▸ **Instructions to follow**:
Although the entries hold pictures, only their words are printed back, exactly as given.

▸ **Information supplied**:
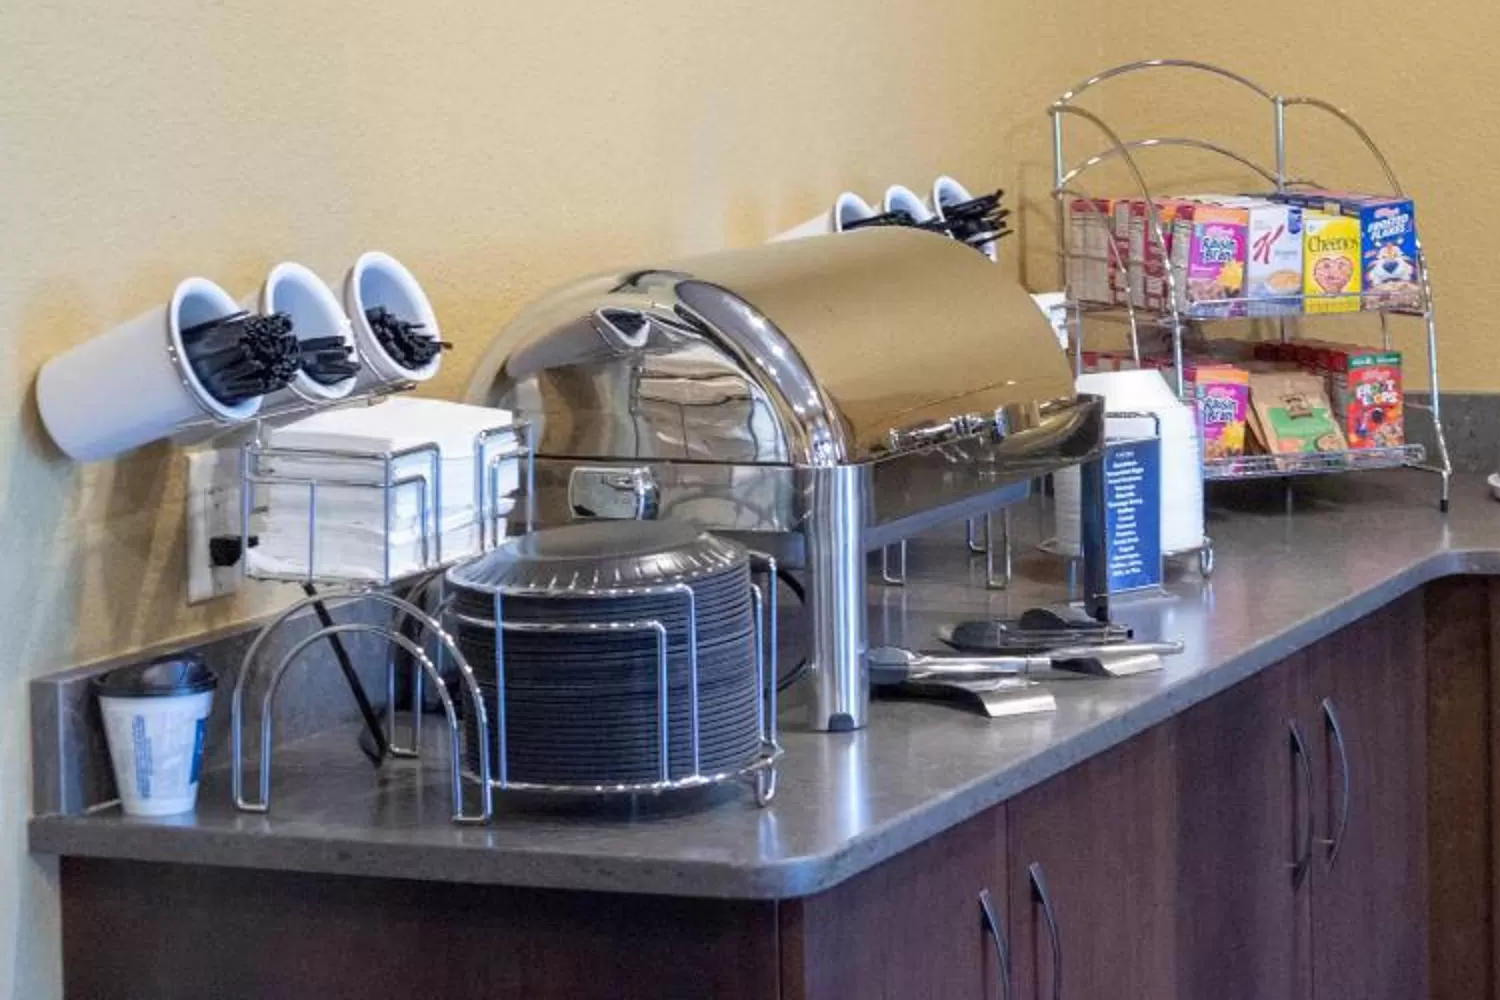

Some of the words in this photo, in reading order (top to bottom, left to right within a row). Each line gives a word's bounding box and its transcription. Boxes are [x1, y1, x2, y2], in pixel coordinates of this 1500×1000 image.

[1202, 236, 1236, 251] Raisin
[1204, 248, 1234, 263] Bran
[1202, 397, 1237, 411] Raisin
[1203, 408, 1235, 423] Bran
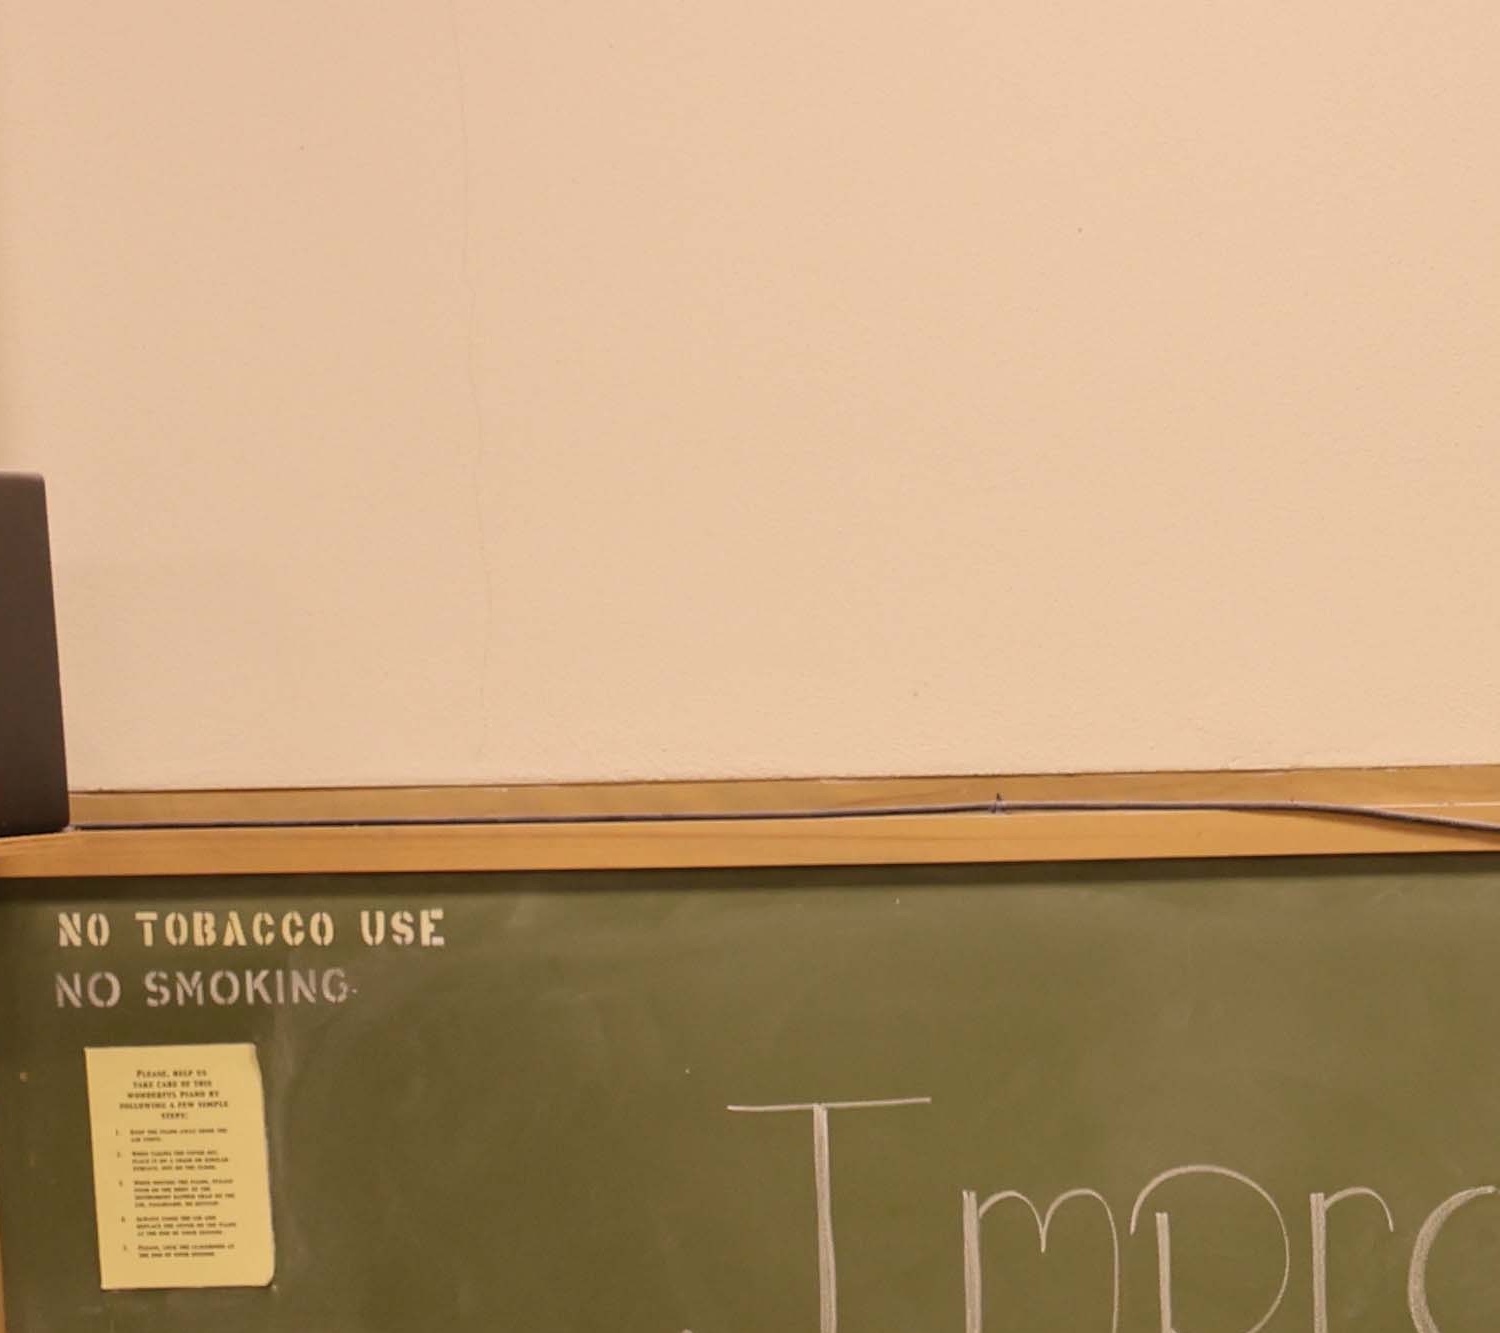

▸ **Reply**:
Some of the words in this photo, in reading order (top to bottom, left to right within a row). Each line gives a word's bounding box and its transcription. Boxes are [x1, y1, x2, y2], in pixel coordinates of this 1500×1000 image.

[1202, 236, 1236, 251] Raisin
[1204, 248, 1234, 263] Bran
[1202, 397, 1237, 411] Raisin
[1203, 408, 1235, 423] Bran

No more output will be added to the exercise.